US China Turmoil May Split the Globe: UN

Sino-US decoupling took its most prominent global stage to date when Donald Trump and Xi Jinping brought their virus row and trade tensions to the 75th United Nations General Assembly. “We must hold accountable the nation which unleashed this plague onto the world, China,” said Trump. This article is a summary of major news items concerning China US relations in September 2020.

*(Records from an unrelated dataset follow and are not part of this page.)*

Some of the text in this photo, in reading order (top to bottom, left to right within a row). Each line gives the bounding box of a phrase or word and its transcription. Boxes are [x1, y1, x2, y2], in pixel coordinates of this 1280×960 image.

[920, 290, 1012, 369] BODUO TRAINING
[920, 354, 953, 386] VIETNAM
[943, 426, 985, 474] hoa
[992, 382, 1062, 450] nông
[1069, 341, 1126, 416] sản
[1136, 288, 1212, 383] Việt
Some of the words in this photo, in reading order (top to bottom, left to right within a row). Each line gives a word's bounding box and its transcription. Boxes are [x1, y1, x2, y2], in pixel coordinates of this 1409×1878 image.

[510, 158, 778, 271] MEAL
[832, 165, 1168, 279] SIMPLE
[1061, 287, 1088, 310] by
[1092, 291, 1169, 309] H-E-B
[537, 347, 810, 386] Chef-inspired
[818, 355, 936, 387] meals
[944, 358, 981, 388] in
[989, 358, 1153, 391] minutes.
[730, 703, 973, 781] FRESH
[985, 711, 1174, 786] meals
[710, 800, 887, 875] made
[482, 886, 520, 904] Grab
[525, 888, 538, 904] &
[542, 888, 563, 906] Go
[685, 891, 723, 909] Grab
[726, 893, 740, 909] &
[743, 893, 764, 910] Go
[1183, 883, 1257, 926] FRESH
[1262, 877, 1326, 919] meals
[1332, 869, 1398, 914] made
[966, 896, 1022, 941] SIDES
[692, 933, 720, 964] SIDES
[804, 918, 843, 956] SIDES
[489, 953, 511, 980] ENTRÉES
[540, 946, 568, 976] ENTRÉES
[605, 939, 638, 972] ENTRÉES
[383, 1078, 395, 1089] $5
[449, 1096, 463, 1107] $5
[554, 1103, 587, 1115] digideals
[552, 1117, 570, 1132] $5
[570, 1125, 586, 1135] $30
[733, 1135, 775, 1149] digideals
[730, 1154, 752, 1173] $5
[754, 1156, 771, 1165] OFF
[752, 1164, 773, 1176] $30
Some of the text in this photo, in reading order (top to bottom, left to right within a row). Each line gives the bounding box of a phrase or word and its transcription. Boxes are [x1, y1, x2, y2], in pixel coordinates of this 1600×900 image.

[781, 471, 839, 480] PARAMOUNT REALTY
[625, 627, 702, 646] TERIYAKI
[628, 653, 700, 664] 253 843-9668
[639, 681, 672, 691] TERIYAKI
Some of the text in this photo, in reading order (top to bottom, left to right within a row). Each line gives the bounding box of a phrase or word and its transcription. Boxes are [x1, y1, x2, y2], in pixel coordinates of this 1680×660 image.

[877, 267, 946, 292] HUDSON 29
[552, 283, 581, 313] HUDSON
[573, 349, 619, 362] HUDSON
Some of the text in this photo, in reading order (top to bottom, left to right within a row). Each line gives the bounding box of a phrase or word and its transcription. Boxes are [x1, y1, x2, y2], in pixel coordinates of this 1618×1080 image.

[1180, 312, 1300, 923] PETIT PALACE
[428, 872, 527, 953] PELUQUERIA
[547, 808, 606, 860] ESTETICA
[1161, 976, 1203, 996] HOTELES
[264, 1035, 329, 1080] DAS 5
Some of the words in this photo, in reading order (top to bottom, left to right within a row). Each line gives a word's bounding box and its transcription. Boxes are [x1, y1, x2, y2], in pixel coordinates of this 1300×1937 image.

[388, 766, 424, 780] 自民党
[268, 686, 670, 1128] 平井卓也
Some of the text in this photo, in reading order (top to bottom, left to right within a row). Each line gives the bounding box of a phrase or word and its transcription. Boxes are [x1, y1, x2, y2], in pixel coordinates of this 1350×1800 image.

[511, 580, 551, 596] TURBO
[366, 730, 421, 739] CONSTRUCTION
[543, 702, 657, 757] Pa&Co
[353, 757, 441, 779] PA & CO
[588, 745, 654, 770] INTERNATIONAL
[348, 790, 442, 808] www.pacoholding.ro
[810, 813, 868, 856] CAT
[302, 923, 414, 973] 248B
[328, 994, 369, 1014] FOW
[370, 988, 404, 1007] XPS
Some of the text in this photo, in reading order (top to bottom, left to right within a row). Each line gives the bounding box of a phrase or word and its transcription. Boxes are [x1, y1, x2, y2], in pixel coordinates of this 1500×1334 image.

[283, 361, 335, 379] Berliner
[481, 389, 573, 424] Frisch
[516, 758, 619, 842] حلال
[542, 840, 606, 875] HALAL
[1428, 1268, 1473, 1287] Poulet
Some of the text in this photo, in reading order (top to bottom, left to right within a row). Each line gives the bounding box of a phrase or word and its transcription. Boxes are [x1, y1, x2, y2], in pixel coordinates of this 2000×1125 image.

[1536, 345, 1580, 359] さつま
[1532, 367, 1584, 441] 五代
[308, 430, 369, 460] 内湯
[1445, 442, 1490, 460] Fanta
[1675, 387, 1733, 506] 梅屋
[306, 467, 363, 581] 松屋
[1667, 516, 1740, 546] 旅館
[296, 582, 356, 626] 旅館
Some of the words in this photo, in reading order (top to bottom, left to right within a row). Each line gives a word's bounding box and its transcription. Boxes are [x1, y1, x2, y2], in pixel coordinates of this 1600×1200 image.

“Any attempt of politicising the issue or stigmatisation must be rejected,” said Xi, also by pre-recorded video, who urged countries to respect the WTO and not bury their heads in the sand “like an ostrich” to avoid globalisation. “We are moving in a very dangerous direction,” warned António Guterres, the UN secretary general. “Our world cannot afford a future where the two largest economies split the globe in a great fraction, each with its own trade and financial rules and internet and artificial intelligence capacities.”

Yet exactly such splitting continued throughout the month. In the digital war, Beijing countered the US Clean Network effort, to ringfence networks of like-minded allies from Chinese technology, with its own initiative to set global standards on data security. China’s recent actions around the world were those of a “lawless bully”, not a responsible global actor, said the top US diplomat for East Asia. As the latest sanctions against Huawei took effect, multiple chipmakers applied for waivers.

The WTO found that the US government breached global trading rules with multibillion-dollar tariffs in Trump’s trade war with China. Investment between the world’s two largest economies hit a 9-year low in H1, and negotiations continued over the TikTok ownership deal.

US officials prepared orders to block imports of cotton, tomato products and five other imports from Xinjiang over accusations of forced labour. Their phase one trade deal seemed to remain on track, as Beijing continued to buy more US farm goods and Trump needs the deal for his re-election, claimed the Global Times. Typhoons and flooding may force more Chinese purchases of US corn.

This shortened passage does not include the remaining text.